Qualche giorno prima avevo fatto una sorta di appello sulla necessità che chi vuole bene a Città della Pieve facesse un passo avanti. Tutti coloro e sono molti che possono fare qualcosa per la Pieve. Certamente la decisione presa da questi cittadini pievesi non è dipesa dal mio appello, ma io non posso che essere, per coerenza sostanziale e non formale, positivamente sorpreso da questo pronunciamento.

Certo ci sarà chi dice e dirà che ci sono tra i firmatari persone già impegnate e schierate nella politica pievese. E allora? L’importante in questo momento è che ci siano ancora persone vecchie e nuove disposte a lavorare per il futuro di Città della Pieve, possibilmente nel modo giusto. Ed a farlo in una prospettiva di ricerca senza pregiudizi, come sembrano dire alcuni passaggi.

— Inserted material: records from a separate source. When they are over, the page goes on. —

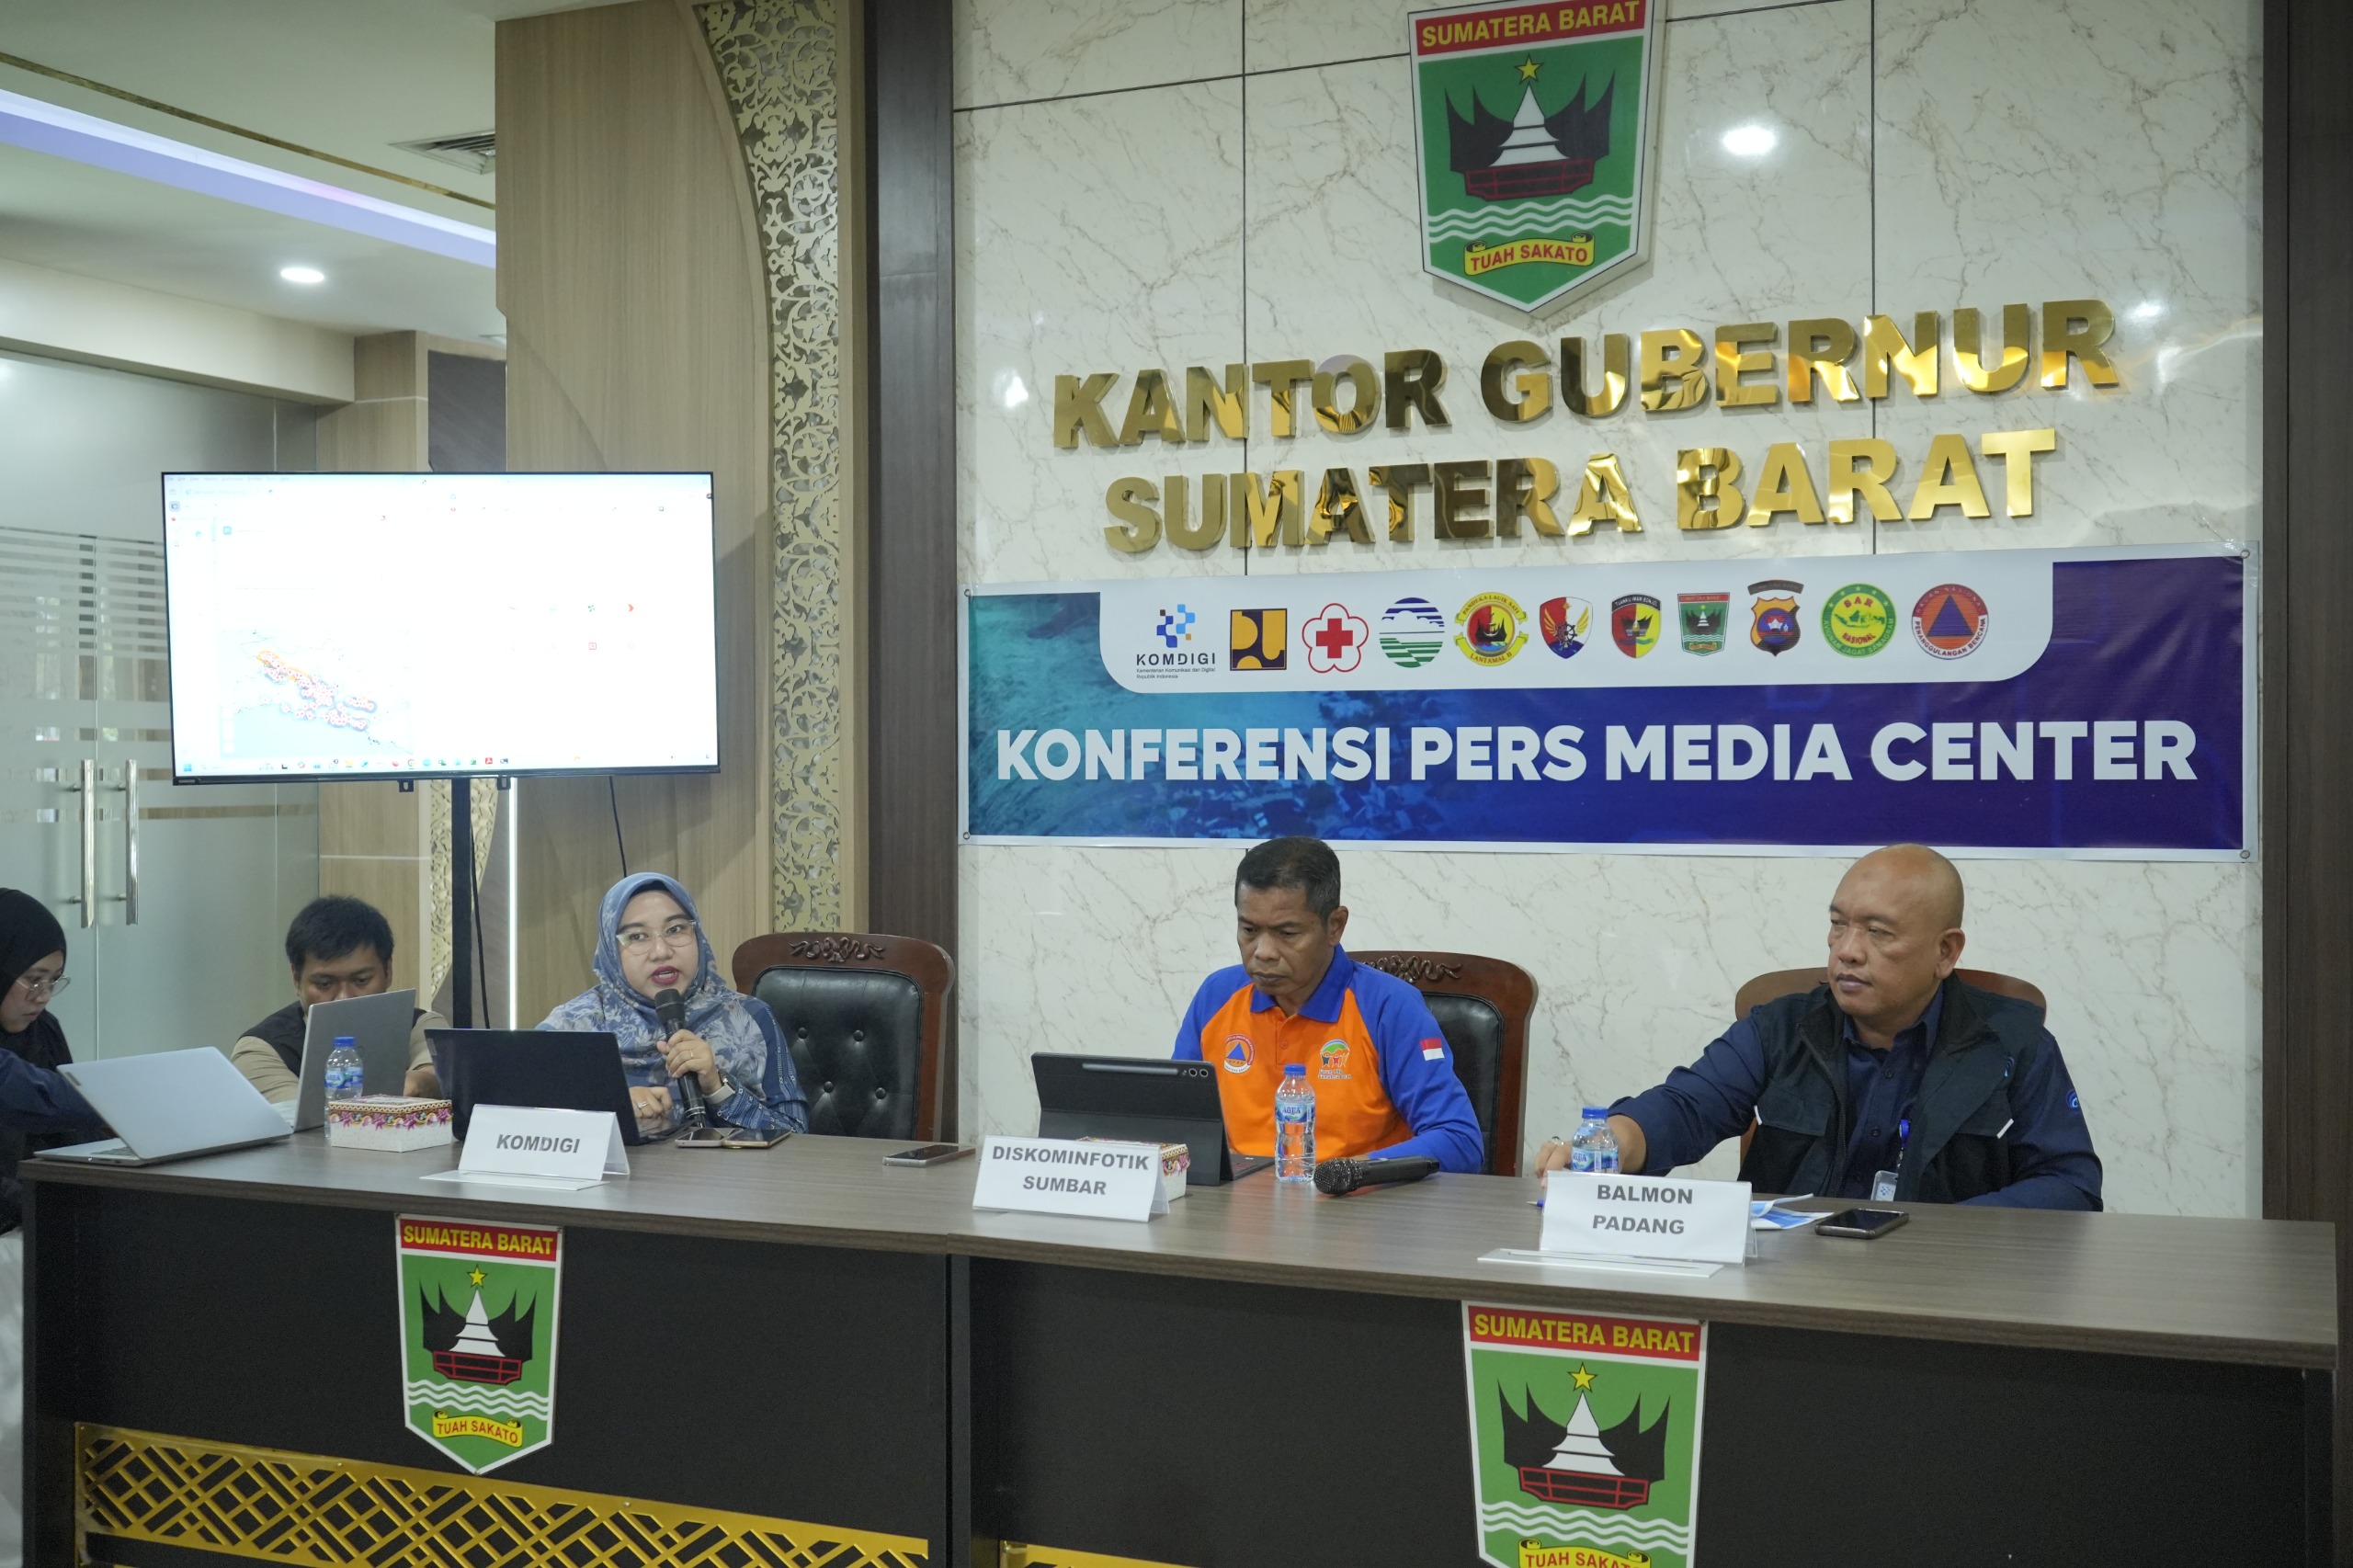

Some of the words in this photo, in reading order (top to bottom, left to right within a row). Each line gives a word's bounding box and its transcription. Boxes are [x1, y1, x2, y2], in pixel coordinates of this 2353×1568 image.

[1422, 12, 1552, 47] SUMATERA
[1559, 1, 1640, 30] BARAT
[1471, 247, 1515, 271] TUAH
[1520, 244, 1587, 263] SAKATO
[1054, 349, 1452, 449] KANTOR
[1481, 300, 2120, 423] GUBERNUR
[1105, 454, 1644, 552] SUMATERA
[1677, 428, 2056, 530] BARAT
[1843, 596, 1873, 608] SAR
[1842, 632, 1876, 644] NASIONAL
[1915, 620, 1967, 656] PENANGGULANGAN
[1968, 618, 1986, 648] BENCANA
[1136, 653, 1215, 665] KOMDIGI
[1470, 652, 1506, 663] LANTAMAL
[997, 726, 1390, 781] KONFERENSI
[1411, 724, 1587, 781] PERS
[1606, 723, 1853, 781] MEDIA
[1870, 720, 2198, 781] CENTER
[1282, 1107, 1301, 1115] AQUA
[495, 1133, 581, 1154] KOMDIGI
[992, 1145, 1149, 1171] DISKOMINFOTIK
[1022, 1176, 1108, 1196] SUMBAR
[1597, 1184, 1693, 1205] BALMON
[1592, 1214, 1686, 1235] PADANG
[404, 1225, 494, 1249] SUMATERA
[497, 1233, 554, 1255] BARAT
[1474, 1313, 1606, 1346] SUMATERA
[1613, 1325, 1695, 1354] BARAT
[437, 1420, 468, 1436] TUAH
[471, 1420, 519, 1444] SAKATO
[1525, 1551, 1570, 1568] TUAH
[1575, 1551, 1637, 1568] SAKA
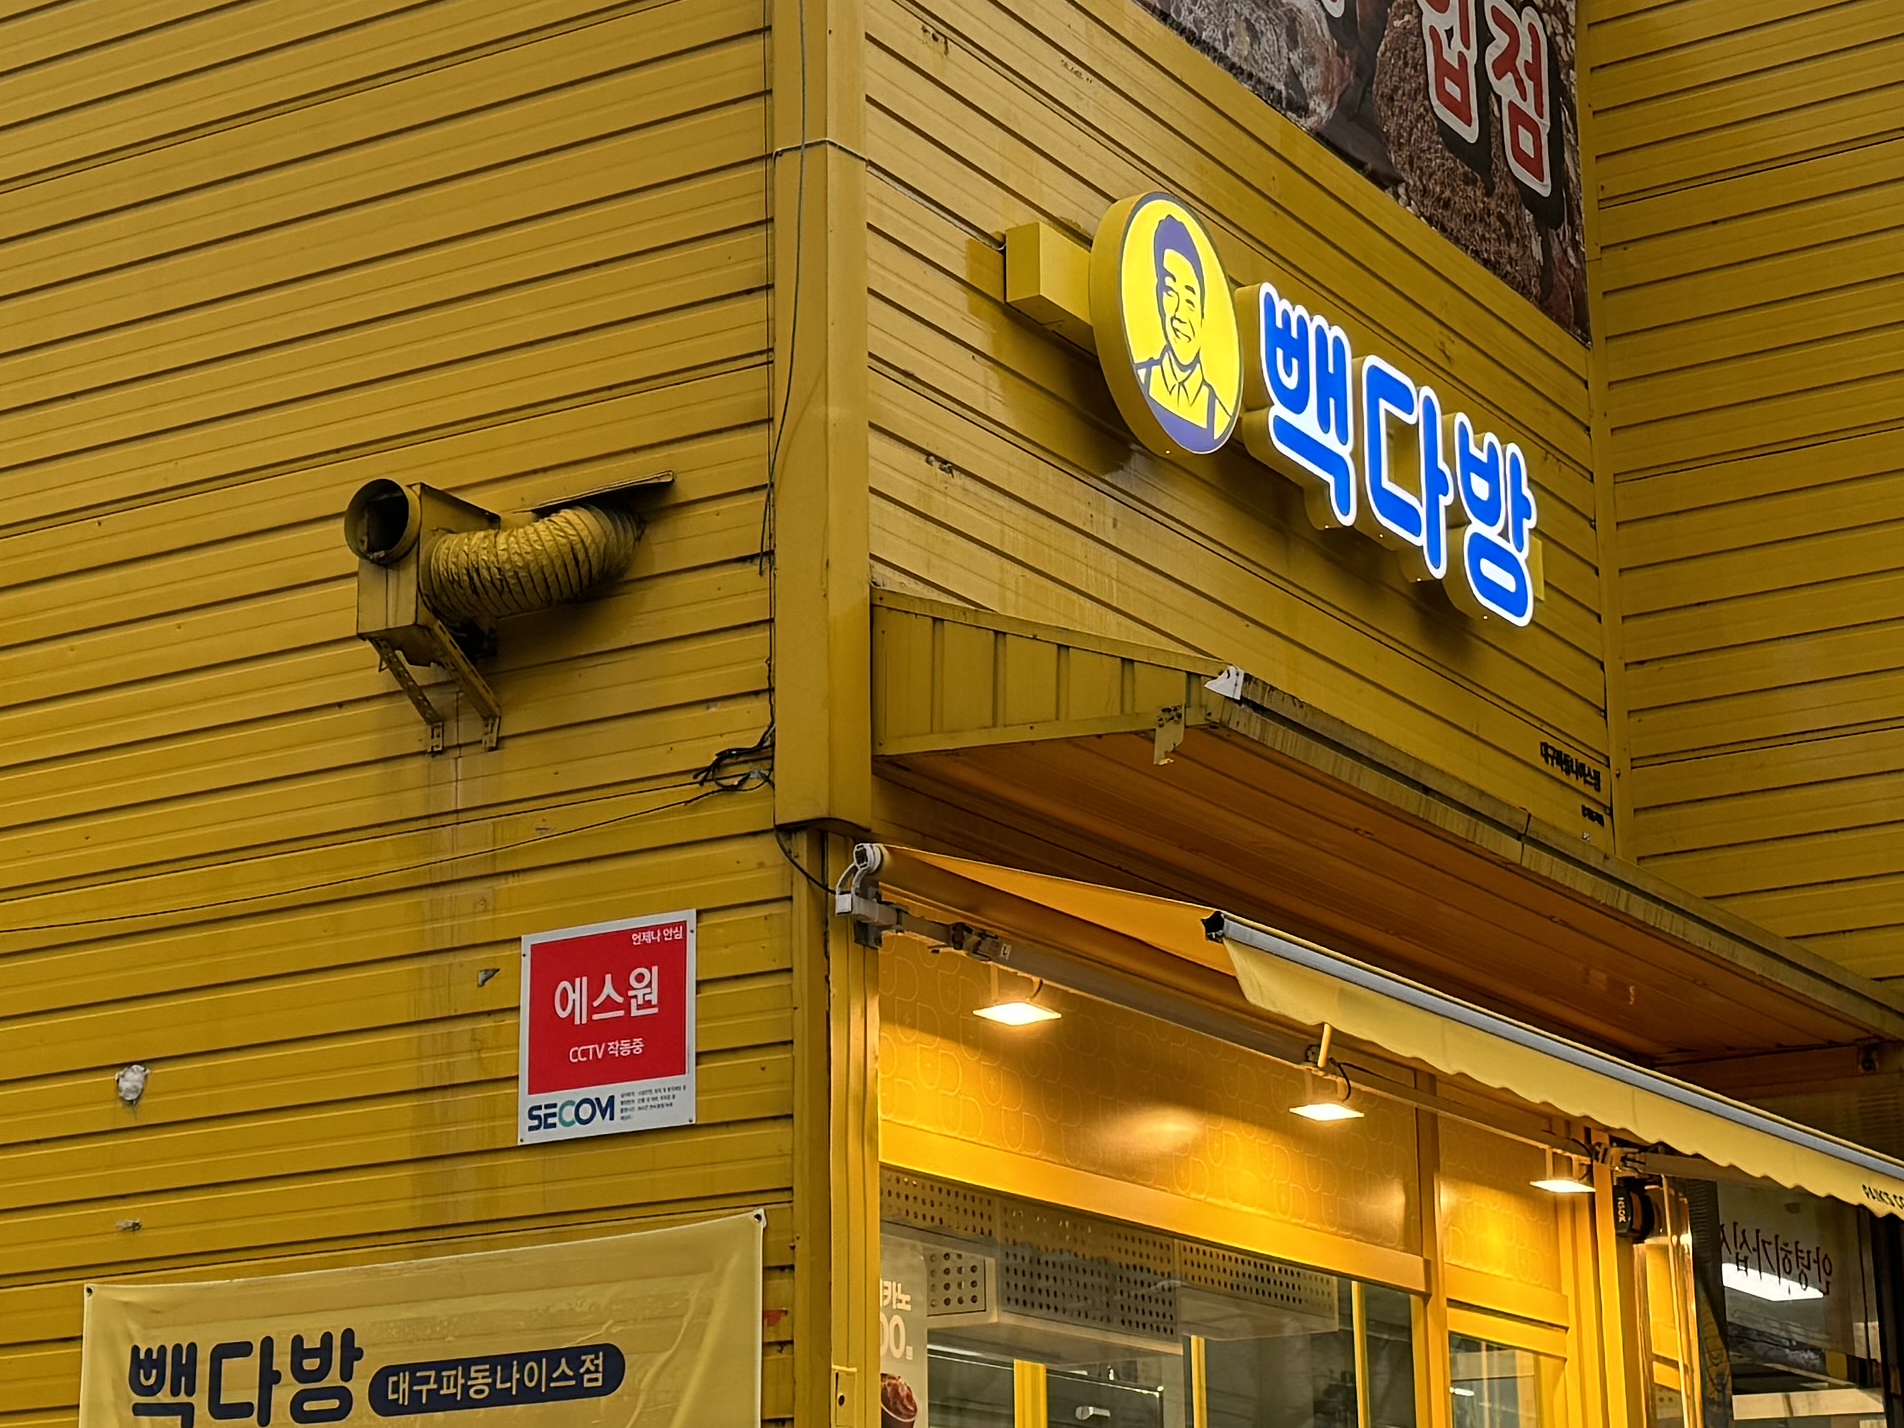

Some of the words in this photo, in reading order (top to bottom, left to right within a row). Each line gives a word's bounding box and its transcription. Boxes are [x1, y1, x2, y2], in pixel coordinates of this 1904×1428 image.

[1259, 282, 1538, 628] 빽다방
[631, 930, 661, 946] 언제나
[663, 925, 684, 942] 안심
[554, 965, 659, 1025] 에스원
[569, 1042, 605, 1063] CCTV
[607, 1038, 644, 1058] 작동중
[527, 1095, 615, 1132] SECOM
[880, 1278, 912, 1311] 카노
[385, 1349, 606, 1407] 대구파동나이스점

Ci sarà tempo, nelle prossime settimane e nei prossimi mesi. Dentro questa esperienza e fuori, per approfondire, confrontare, definire meglio i contorni di una nuova stagione politica pievese, necessaria anche per gli stessi protagonisti di ieri e di oggi. Sarà anche un ulteriore stimolo a quanti ancora, e sono i più, non hanno reso pubbliche le loro intenzioni e le loro direttrici di marcia. E’ questa consapevolezza che può portare a quel “Patto Civico”, più grande di una pur importante lista civica, di cui ha tanto bisogno Città della Pieve. In tutte le sue componenti  e le sue risorse. Economiche, politiche, culturali, sociali.